Edit 2: Well, maybe not. You'd need another line though.

char c
for (c='0';c<='z'; c++)
{
if isalnum(c)
{
do something
}
}


C isn't my language though, so I'm 100% sure on that.

 

[EagleKeeper]

Option 1:

Create a fixed array containing the combiniations of characters that you stated - This will take 63 bytes. (including the termination NULL)

Option 2:
Loop from 0->9;

Have two loops (nested or seperate) for a-z;
Convert the a-z character to upper for the second loop.

This may result in less code, but is uglier and more time consuming.

Option 3:
Loop from 0->9;

Have one loop for a-z;
Convert the a-z character to upper for the second test.

Again, this may result in less code, but is uglier and more time consuming.

 

[Aikouka]

Lowercase and uppercase can be done together by simply adding the difference (32).
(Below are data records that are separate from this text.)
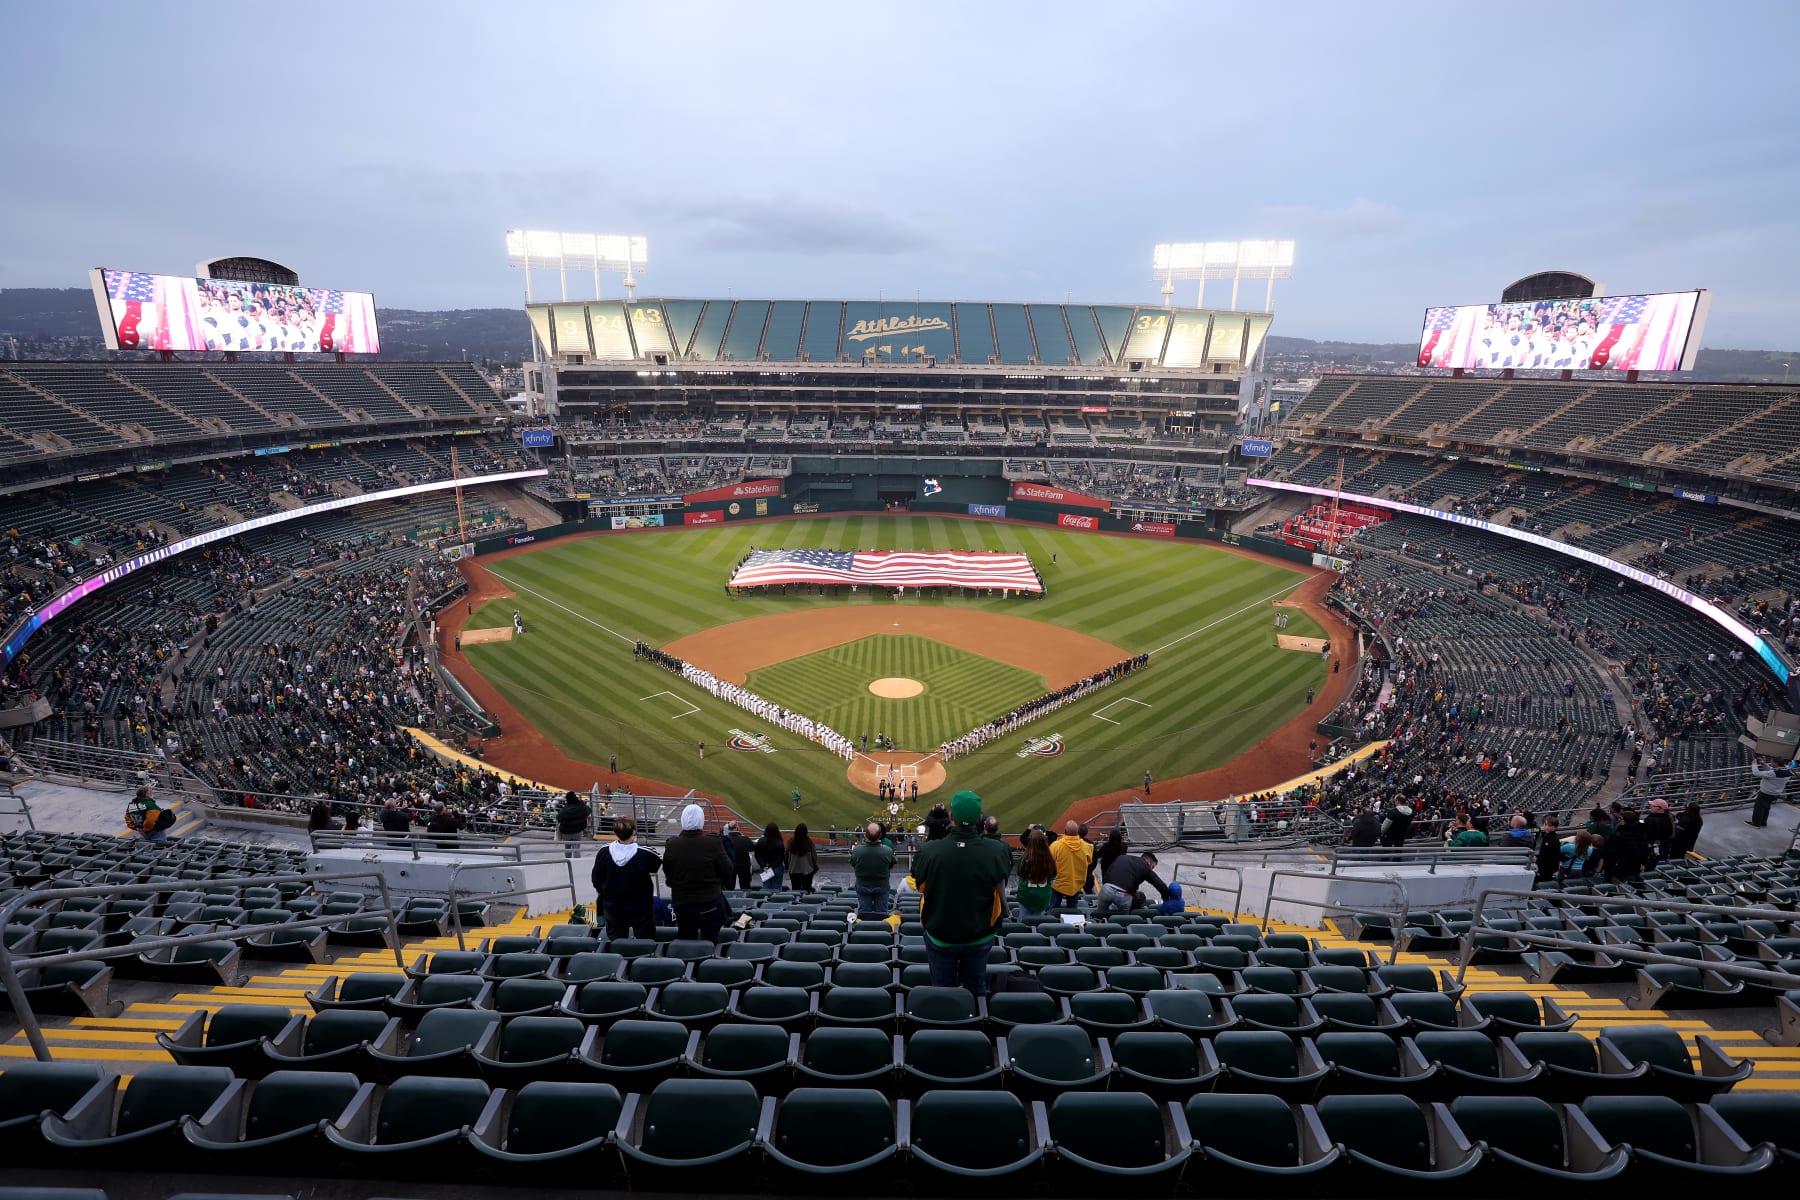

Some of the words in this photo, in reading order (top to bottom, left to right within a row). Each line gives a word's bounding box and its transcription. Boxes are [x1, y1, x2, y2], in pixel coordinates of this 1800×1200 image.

[633, 308, 662, 323] 43
[563, 320, 577, 334] 9
[594, 315, 622, 329] 24
[847, 315, 948, 341] Athletics
[1137, 315, 1167, 330] 34
[525, 435, 550, 445] xfinity
[1244, 443, 1270, 454] xfinity
[1027, 488, 1045, 498] State
[1045, 490, 1064, 500] Farm
[974, 505, 1000, 516] xfinity
[514, 535, 535, 544] Fanatics
[126, 560, 136, 572] SO
[1646, 987, 1653, 996] 11
[1788, 1016, 1796, 1025] 2
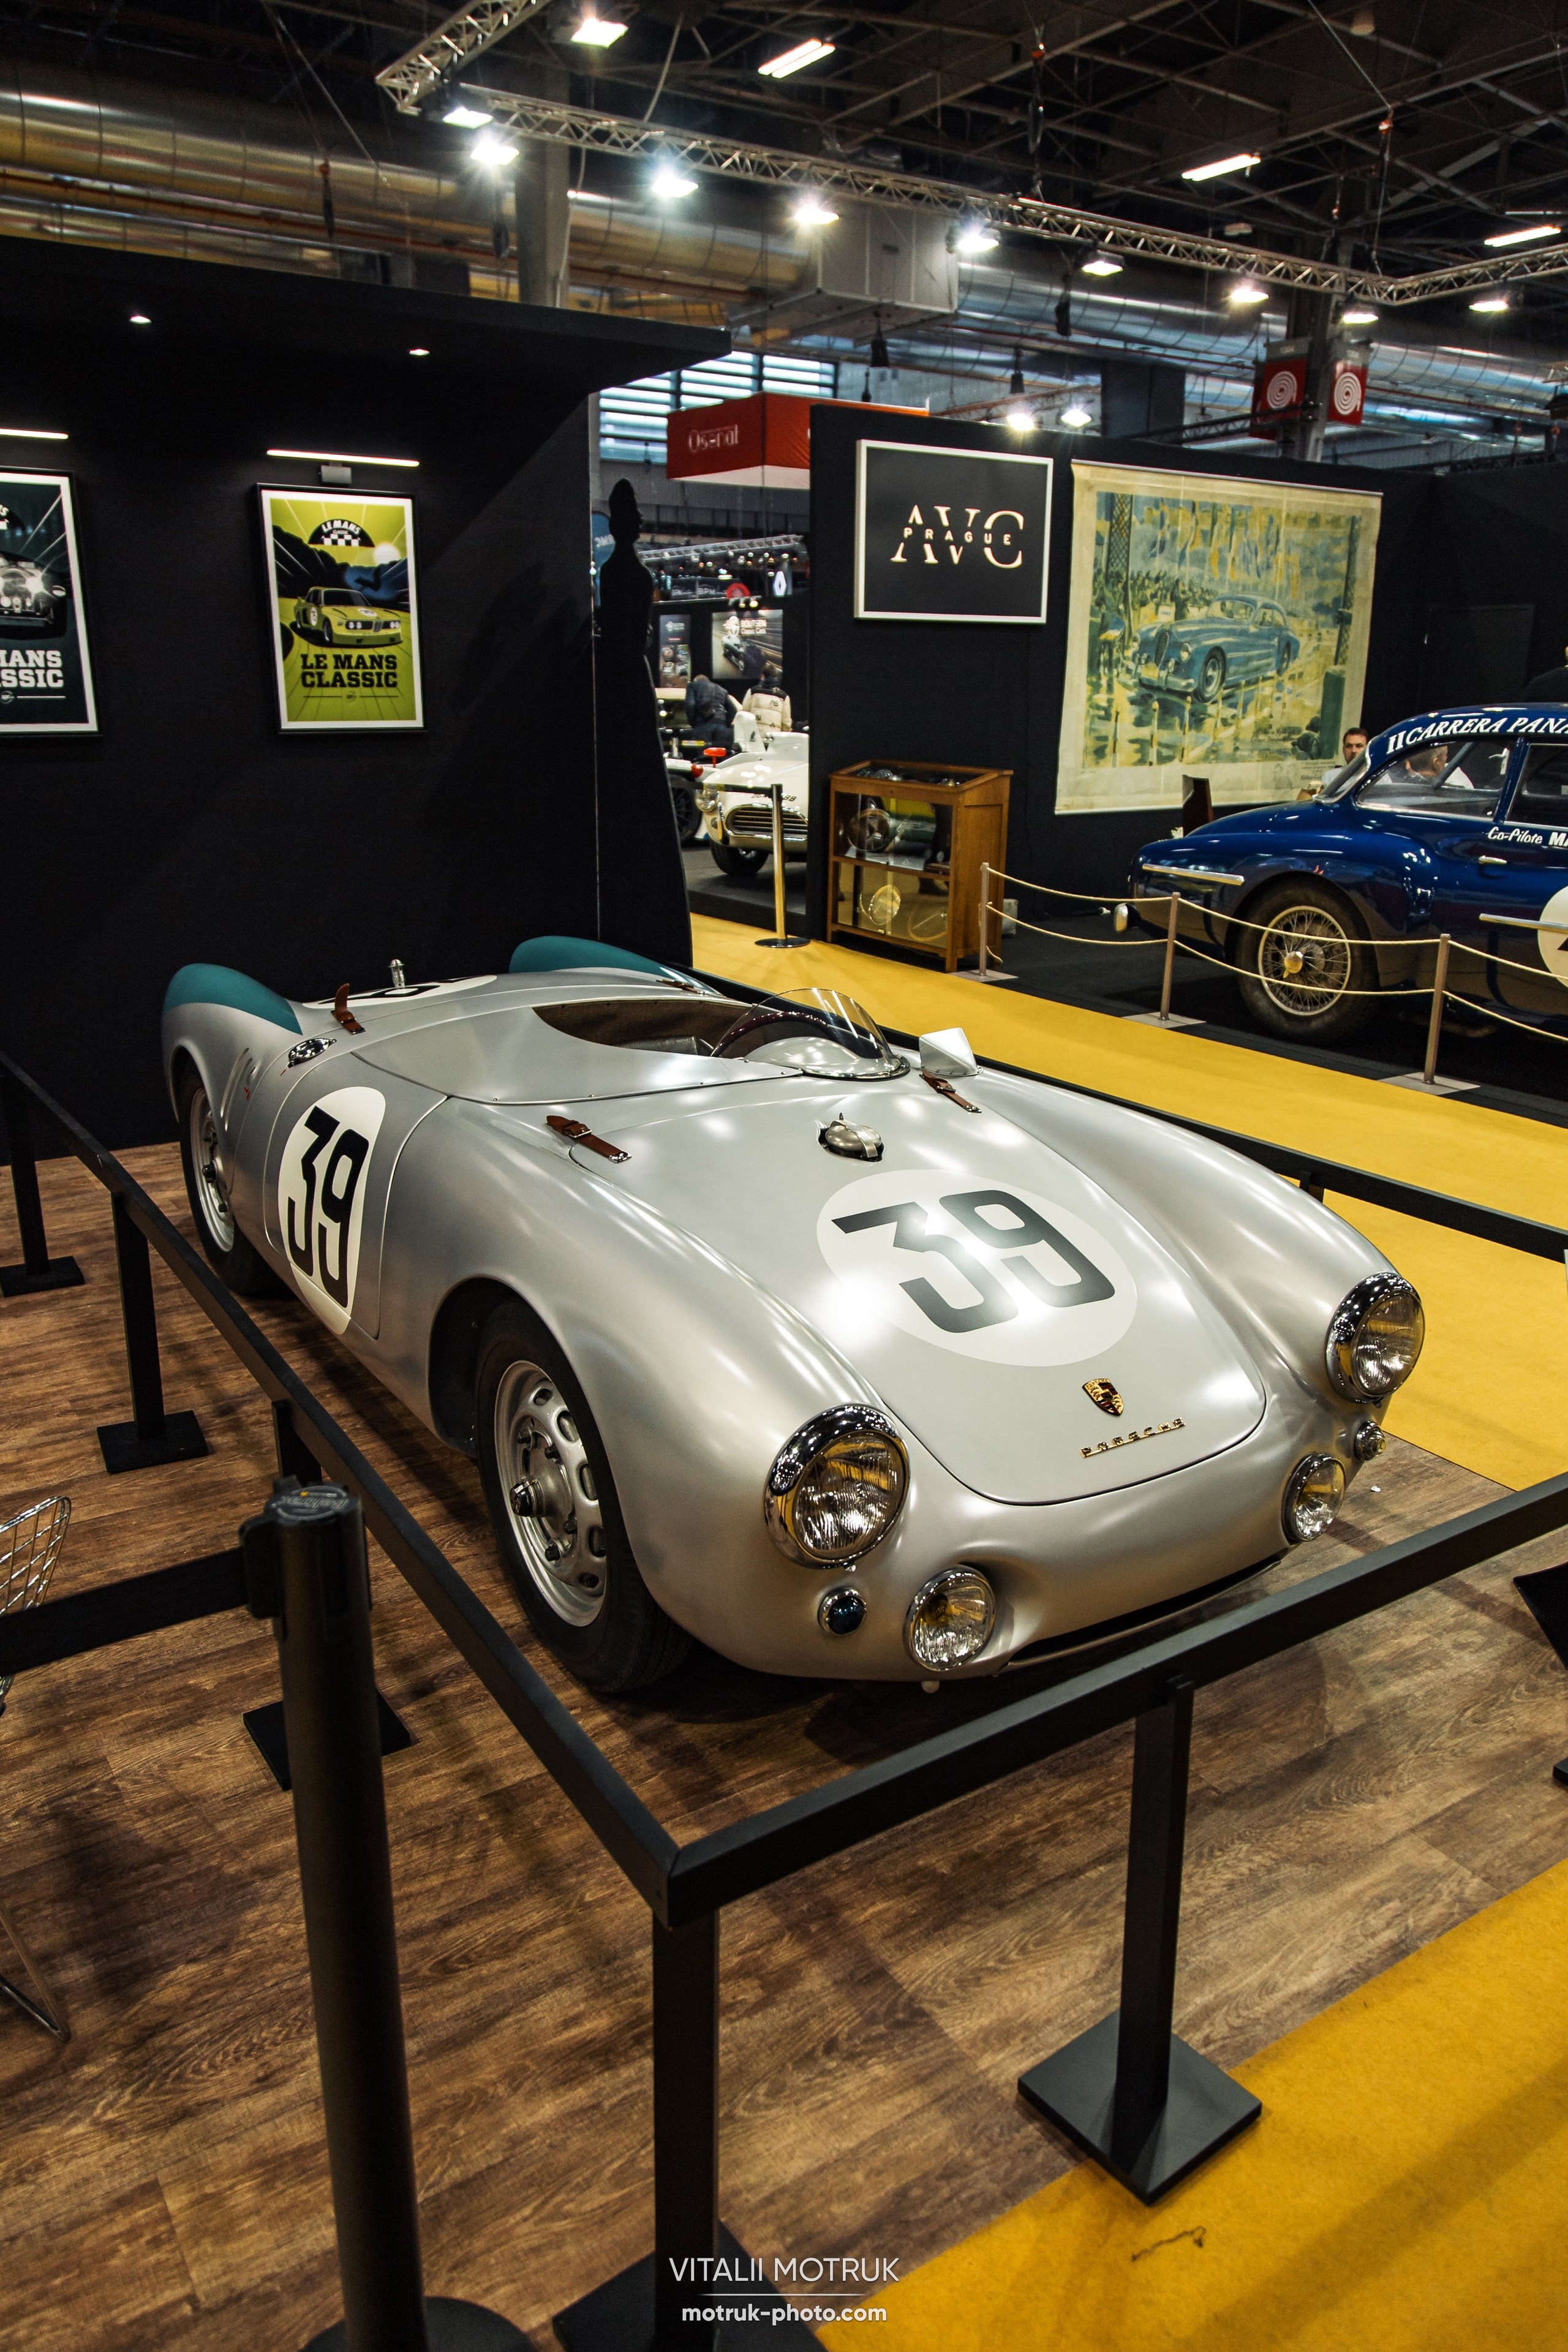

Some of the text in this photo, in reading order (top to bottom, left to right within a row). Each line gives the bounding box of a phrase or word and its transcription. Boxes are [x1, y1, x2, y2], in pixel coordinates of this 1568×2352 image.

[321, 519, 361, 535] LE MANS
[903, 527, 1011, 546] PRAGUE
[300, 653, 398, 671] LE MANS
[0, 668, 65, 688] SSIC
[301, 671, 398, 688] CLASSIC
[1386, 731, 1406, 755] II
[1404, 717, 1508, 745] CARRERA
[1487, 826, 1543, 844] Co-Pilote
[287, 1105, 370, 1308] 39
[831, 1189, 1115, 1333] 39
[1079, 1417, 1186, 1458] PORSCHE
So you loop one of them and depending on how many ops reference the other set, either hardcode the math (char + 32) or create a variable.

As for numbers, I'd recommend probably doing them separately. No sense making something harder to try to make it smaller.

 

[HigherGround]

if you absolutely must have it in one loop ...

 

[Ryland]

Originally posted by: HigherGround
if you absolutely must have it in one loop ...

You forgot the -1 since C is 0 based indices.

 

[EagleKeeper]

Or

I belive that this is the proper syntax to increment a pointer

 

[HigherGround]

I didn't forget about anything. Loop terminates on '\0'.

 

[Aikouka]

Originally posted by: Ryland
You forgot the -1 since C is 0 based indices.

You're forgetting that C++ assigning of strings creates a null-terminated string. Therefore the second loop would include the null value. For example:

char string = "123" is actually 1,2,3,\0

The length of this includes the null terminator, since it is a character. So the length reported by sizeof is 4 (each char being a byte). referencing everything less than the sizeof (i.e. 4) will go through 0 through 3 which means you go through 1, 2, 3 and finally \0. Depending on what the action being taken in this loop is, this may not even matter.

The first one will work, because the sizeof - 1 will point to the \0, therefore, once the loop sees the null terminator, it will stop.

 

[Ryland]

Originally posted by: HigherGround
I didn't forget about anything. Loop terminates on '\0'.

Actually if it is C and you haven't specified that the array ends in '\0' then the character following 'Z' won't necessarily be '\0'.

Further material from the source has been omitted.